Cap Rate Calculator
Calculate a property capitalization rate from rental income, vacancy, operating expenses, and property value.
How this calculator works
How to use this calculator
Enter annual gross rental income, vacancy rate, annual operating expenses, and property value. The calculator estimates net operating income and cap rate.
Formula used
Effective Rental Income = Gross Rental Income × (1 − Vacancy Rate). Net Operating Income = Effective Rental Income − Operating Expenses. Cap Rate = Net Operating Income ÷ Property Value × 100.
Example calculation
For $36,000 annual rent, 5% vacancy, $12,000 operating expenses, and a $400,000 property value, estimated NOI is $22,200 and cap rate is 5.55%.
What the result means
Cap rate estimates a property’s unlevered income yield based on NOI and property value. It does not include mortgage payments, financing costs, taxes on income, appreciation, or selling costs.

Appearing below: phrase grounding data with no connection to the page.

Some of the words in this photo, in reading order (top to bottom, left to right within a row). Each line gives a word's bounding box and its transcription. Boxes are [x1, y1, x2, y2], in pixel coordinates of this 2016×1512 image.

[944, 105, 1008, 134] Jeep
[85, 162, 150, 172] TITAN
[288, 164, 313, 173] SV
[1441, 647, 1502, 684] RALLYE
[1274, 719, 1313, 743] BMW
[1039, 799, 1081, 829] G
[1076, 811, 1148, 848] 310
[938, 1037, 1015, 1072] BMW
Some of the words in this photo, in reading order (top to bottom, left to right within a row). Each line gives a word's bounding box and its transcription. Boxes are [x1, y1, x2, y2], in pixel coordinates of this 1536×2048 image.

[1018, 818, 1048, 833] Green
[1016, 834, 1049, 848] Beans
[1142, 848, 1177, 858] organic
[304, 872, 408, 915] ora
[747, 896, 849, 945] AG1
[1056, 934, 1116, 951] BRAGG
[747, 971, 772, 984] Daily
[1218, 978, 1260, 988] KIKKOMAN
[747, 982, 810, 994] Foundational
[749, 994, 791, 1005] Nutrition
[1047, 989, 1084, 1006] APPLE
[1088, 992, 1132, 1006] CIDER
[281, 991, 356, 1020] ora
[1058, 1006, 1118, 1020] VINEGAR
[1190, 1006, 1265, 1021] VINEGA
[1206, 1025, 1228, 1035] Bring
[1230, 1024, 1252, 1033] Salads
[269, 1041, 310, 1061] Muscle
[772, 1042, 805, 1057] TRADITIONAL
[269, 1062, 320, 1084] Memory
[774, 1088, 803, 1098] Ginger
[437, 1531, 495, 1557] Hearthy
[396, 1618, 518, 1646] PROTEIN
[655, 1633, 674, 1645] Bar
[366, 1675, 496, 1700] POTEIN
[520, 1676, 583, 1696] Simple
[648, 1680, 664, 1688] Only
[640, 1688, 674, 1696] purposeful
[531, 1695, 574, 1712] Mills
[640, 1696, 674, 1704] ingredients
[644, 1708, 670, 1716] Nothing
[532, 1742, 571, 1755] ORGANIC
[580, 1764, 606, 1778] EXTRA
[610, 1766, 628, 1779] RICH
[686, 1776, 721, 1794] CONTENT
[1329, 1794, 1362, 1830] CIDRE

Frequently asked questions
Does cap rate include mortgage payments?
No. Cap rate typically uses NOI before debt service.
Is a higher cap rate always better?
Not always. Higher cap rates can also reflect higher risk, weaker markets, or lower expected growth.
Should I include repairs in operating expenses?
Regular operating repairs are usually included. Major capital improvements are often analyzed separately.